■ **Your goal**
Could each entry below be written out exactly, with every picture dropped?

++++++++++++++++++++

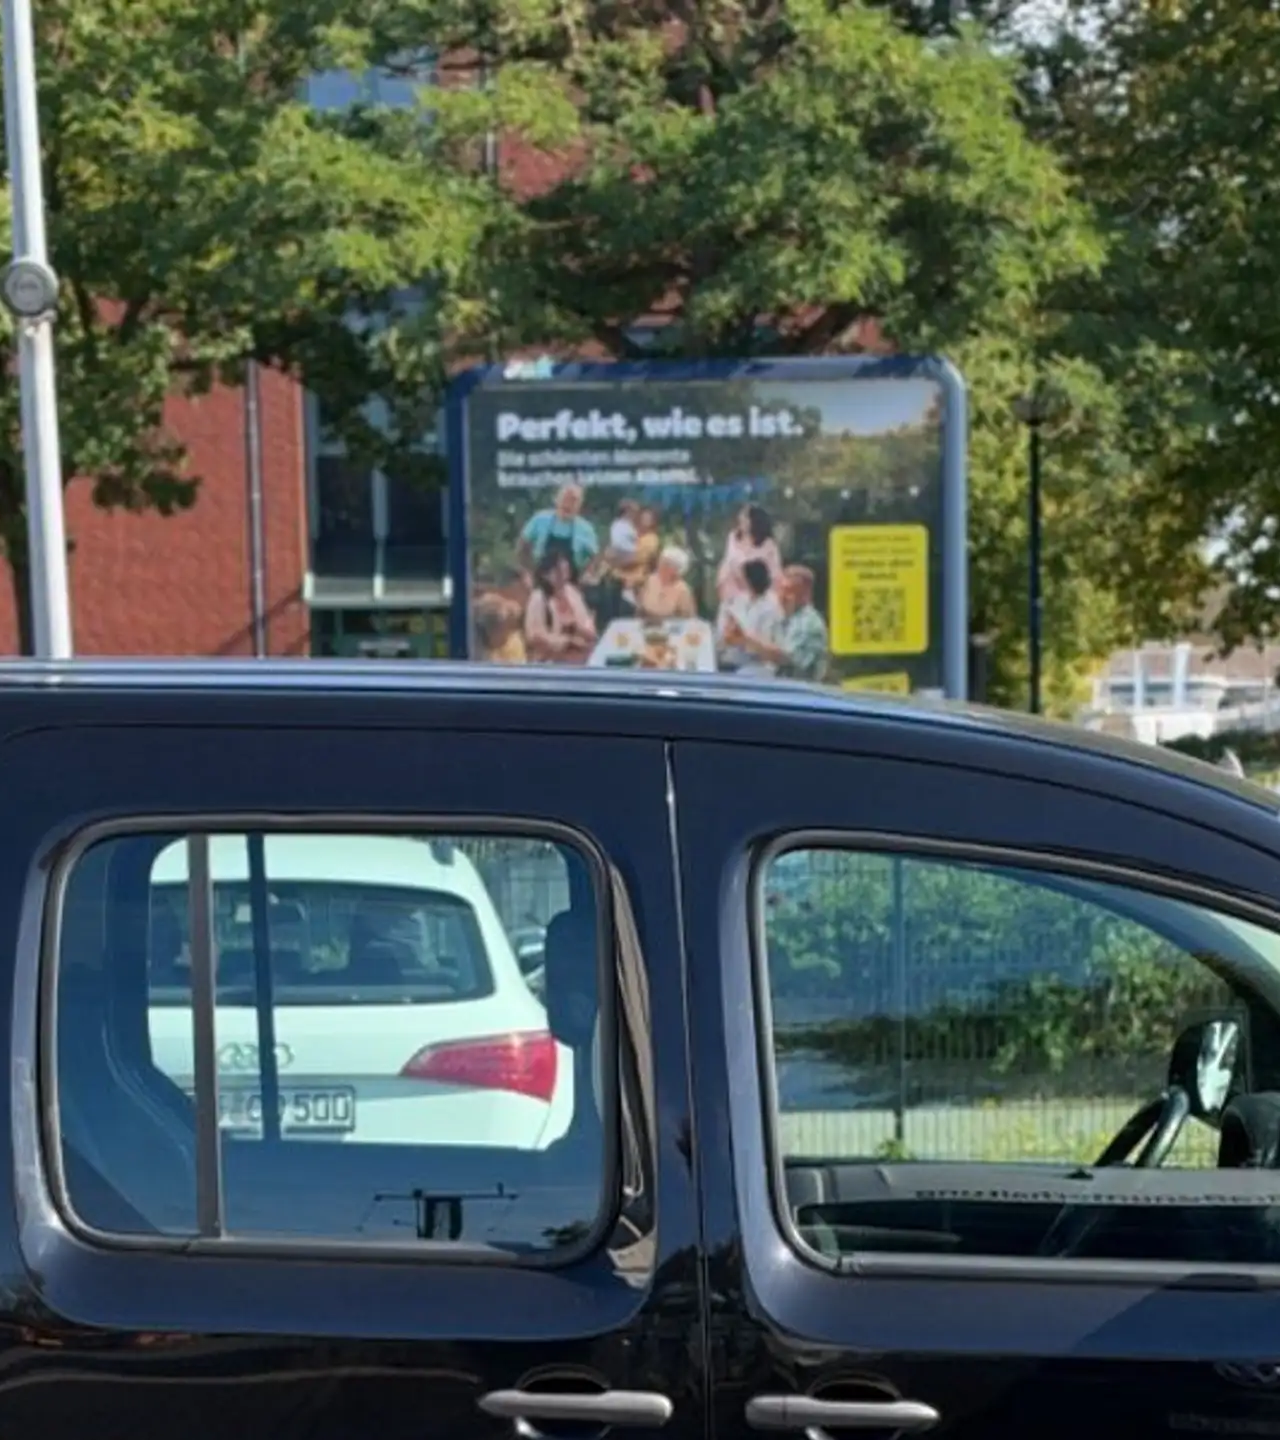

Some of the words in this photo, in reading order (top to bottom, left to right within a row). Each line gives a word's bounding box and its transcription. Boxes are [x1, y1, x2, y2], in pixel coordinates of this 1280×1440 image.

[496, 408, 638, 444] Perfekt,
[641, 406, 703, 438] wie
[706, 413, 743, 438] es
[748, 405, 804, 437] ist.
[293, 1092, 350, 1122] 500
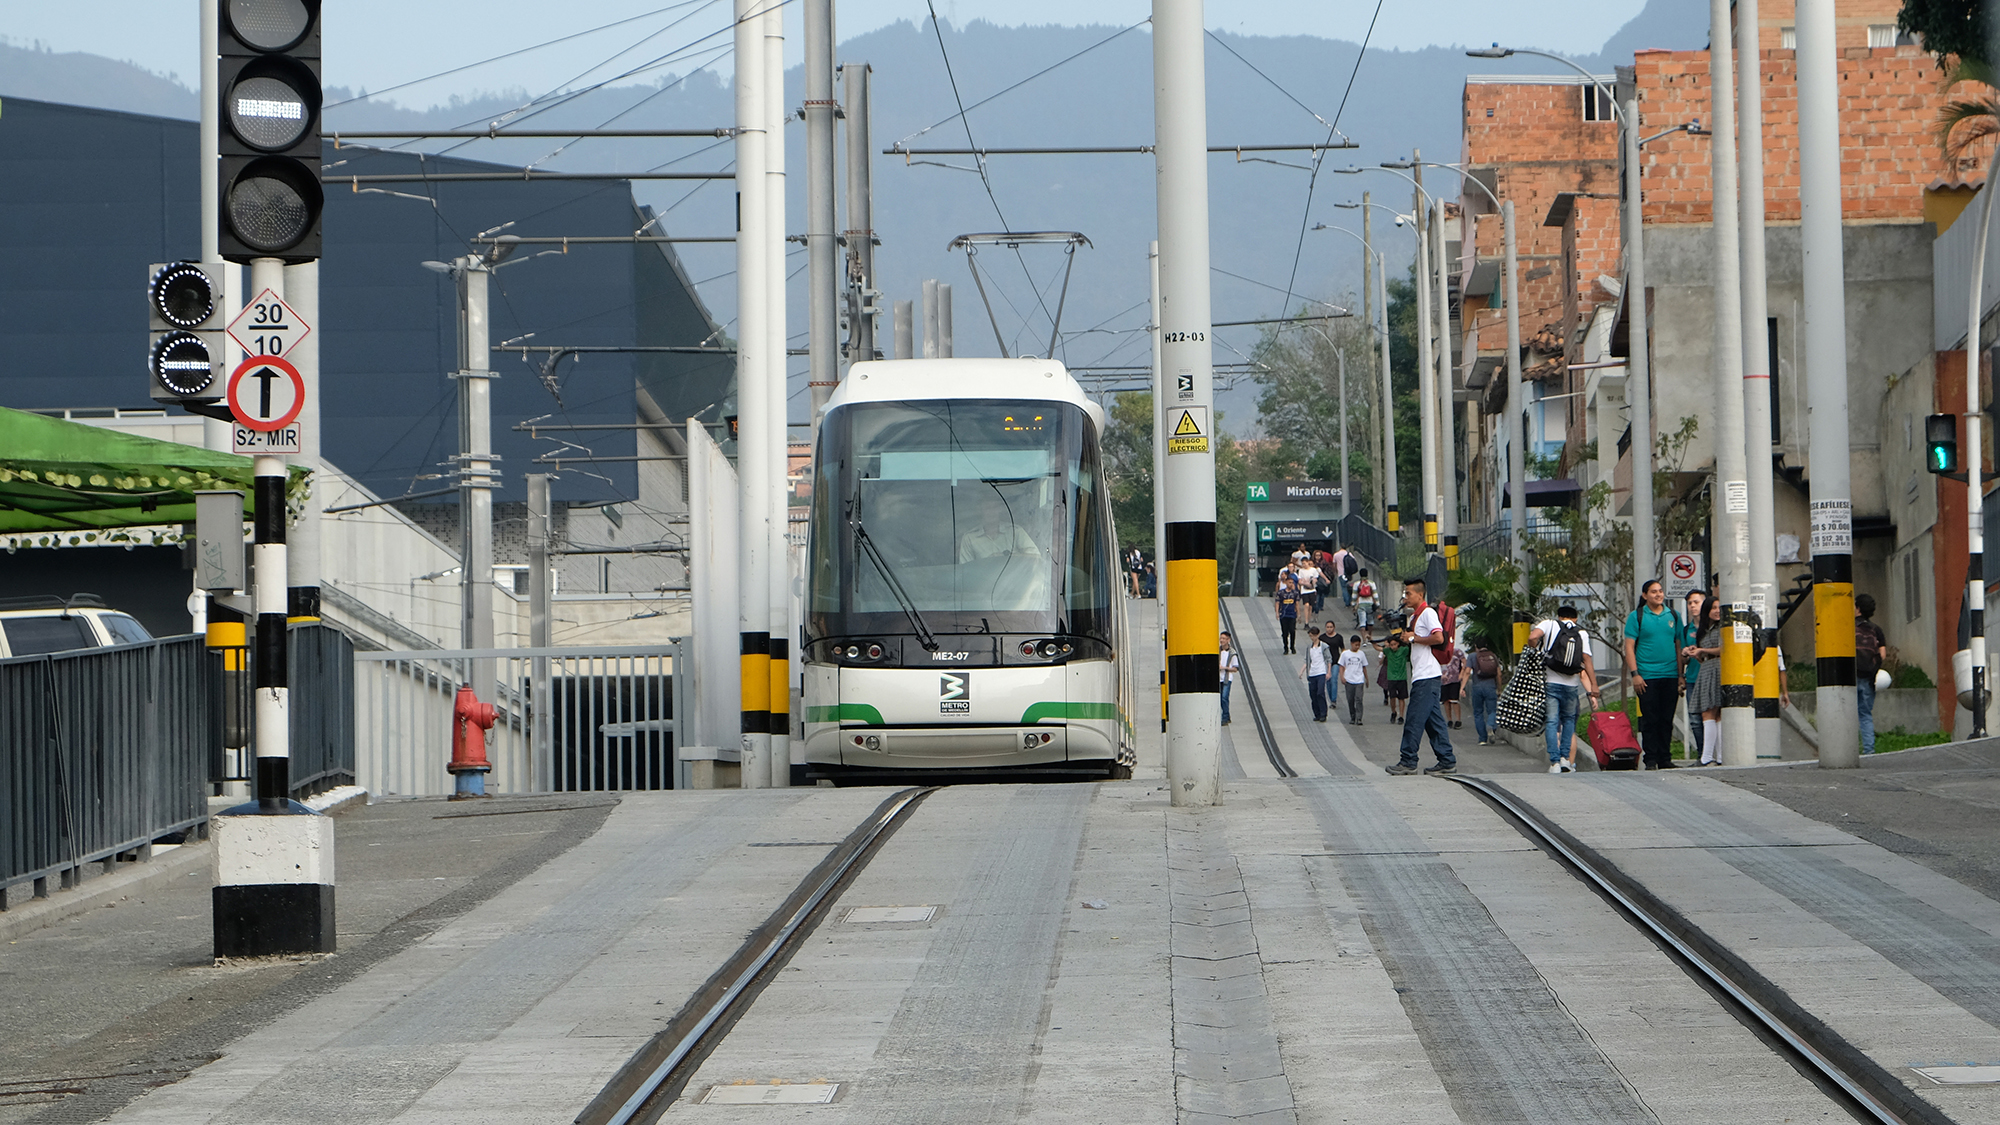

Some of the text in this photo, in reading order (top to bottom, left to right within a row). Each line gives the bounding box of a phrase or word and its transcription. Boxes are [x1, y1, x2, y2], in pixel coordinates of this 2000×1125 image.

++++++++++++++++++++

■ **Output for this exercise**
Some of the words in this photo, in reading order (top to bottom, left to right within a row). Each line gives a word's bounding box and its transcription. Boxes are [x1, y1, x2, y2], in pixel coordinates of this 1280×1440 image.

[496, 408, 638, 444] Perfekt,
[641, 406, 703, 438] wie
[706, 413, 743, 438] es
[748, 405, 804, 437] ist.
[293, 1092, 350, 1122] 500

Some of the text in this photo, in reading order (top to bottom, left to right within a row). Each line gives the bounding box of a phrase or word and its transcription. Boxes are [x1, y1, x2, y2], in pixel coordinates of this 2000×1125 image.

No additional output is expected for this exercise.